「おい…銀次。朝だぞ?」 
       蛮が銀次を揺り動かすが、銀次は寝返りを打って反対側を向いてしまう。 
      「ん〜…蛮ちゃん、もうちょっとぉ〜」 
      「おい…銀次!」 
       少し怒り気味に声を掛けると、大抵銀次は「ふぁ〜い」と言いながら起きる。 

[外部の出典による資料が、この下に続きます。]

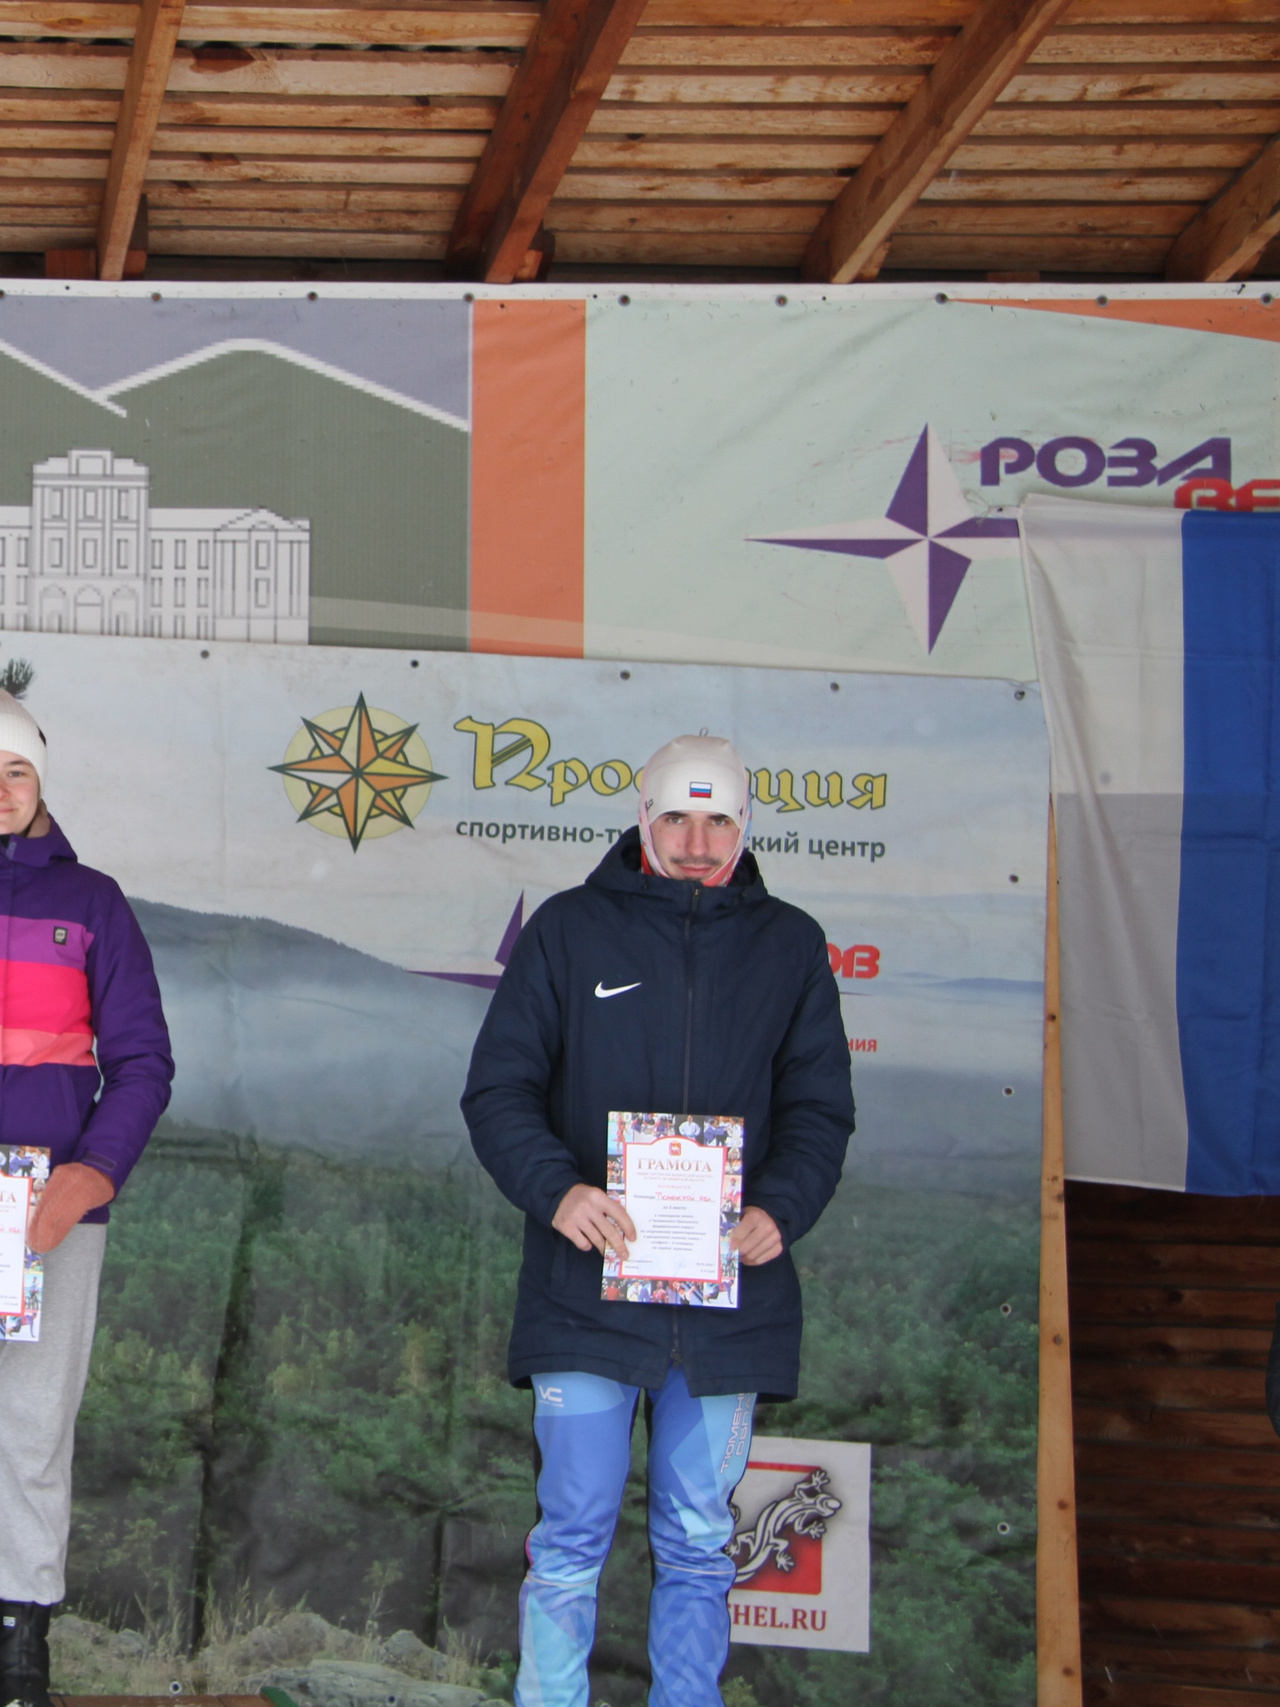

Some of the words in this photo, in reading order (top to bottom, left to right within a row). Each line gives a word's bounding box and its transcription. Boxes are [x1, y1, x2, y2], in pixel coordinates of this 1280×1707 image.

[980, 436, 1232, 488] РОЗА
[808, 838, 885, 863] центр
[637, 1157, 713, 1173] ГРАМОТА
[728, 1603, 828, 1631] HEL.RU

       銀次が目を擦りながら寝ぼけ眼で蛮を見つめると、蛮は銀次の額にちゅっと唇を落とす。 
      「はよ…起きたか?銀次」 
      「うん…おはよぉv蛮ちゃんvv」 
       銀次が顔を赤らめながら蛮がキスをしてくれた場所にそっと触れ、嬉しそうに微笑む。 
       
       
       これはいつもの風景。 
       いつもの朝の風景なのだが、蛮がおはようのキスをしてくれる度に銀次は顔を赤らめる。 
       そんな銀次が可愛くて蛮も優しく微笑んでから、今度は銀次の唇にも唇を落とそうとした。 

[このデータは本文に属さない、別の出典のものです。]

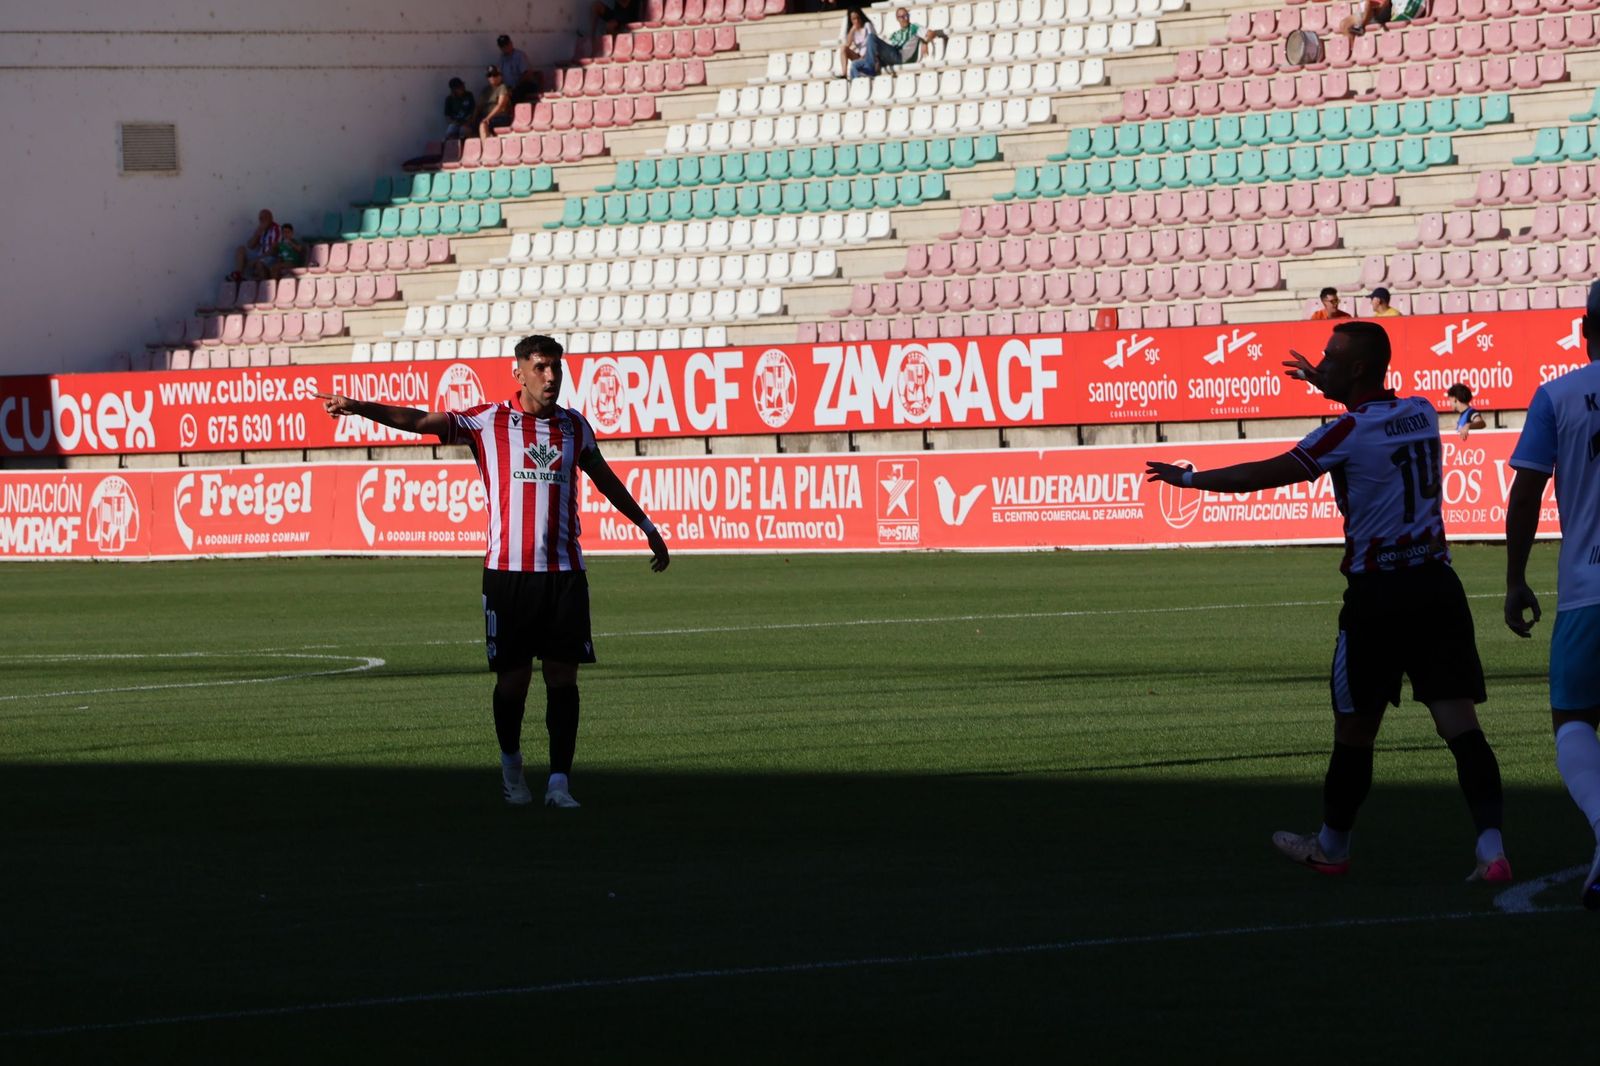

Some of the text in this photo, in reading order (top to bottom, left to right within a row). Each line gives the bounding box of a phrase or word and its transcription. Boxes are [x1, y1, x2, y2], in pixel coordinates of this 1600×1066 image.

[1145, 348, 1160, 365] sgc
[1247, 343, 1263, 360] sgc
[1476, 333, 1494, 351] sgc
[159, 372, 318, 406] www.cubiex.es
[332, 365, 429, 402] FUNDACIÓN
[560, 351, 743, 435] MORA CF
[812, 338, 1063, 426] ZAMORA CF
[1088, 374, 1178, 408] sangregorio
[1188, 370, 1281, 405] sangregorio
[1413, 361, 1513, 397] sangregorio
[0, 378, 156, 452] cubiex
[207, 415, 239, 444] 675
[242, 413, 272, 443] 630
[277, 412, 305, 441] 110
[513, 471, 569, 483] CAJA RURAL
[725, 466, 752, 510] DE
[760, 466, 787, 510] LA
[795, 465, 863, 509] PLATA
[991, 473, 1144, 505] VALDERADUEY
[1274, 471, 1335, 500] ALVA
[1442, 468, 1483, 505] OS
[200, 471, 312, 525] Freigel
[382, 468, 486, 523] Freige
[677, 514, 704, 540] del
[709, 515, 750, 539] Vino
[756, 514, 844, 541] (Zamora)
[993, 508, 1143, 522] EL CENTRO COMERCIAL DE ZAMORA
[1203, 502, 1308, 522] CONTRUCCIONES
[1442, 508, 1470, 523] UESO
[1472, 508, 1487, 522] DE
[197, 532, 310, 545] A GOODLIFE FOODS COMPANY
[378, 531, 487, 542] A GOODLIFE FOODS COMPA

       その時いつもの如く、銀次の腹がグ〜ッと鳴った。 
       その音で恥ずかしそうにえへへと笑う銀次と、呆れたように銀次を見つめる蛮。 
       蛮はフッと笑うと銀次の金色の髪の毛を掻き混ぜた。 
      「…メシにすっか?」 
      「うんv」 
      『メシ』と言う響きで、銀次は満面の笑みで微笑んだ。 
       
       
       
       
       
       
      「銀次。今日は卵、何がいい?」 
      「んと…オムレツ!!」 
      「了解」 
       蛮が器用な手付きで片手で卵を割り、鮮やかな手付きで卵を溶き、フライパンに流し込む。 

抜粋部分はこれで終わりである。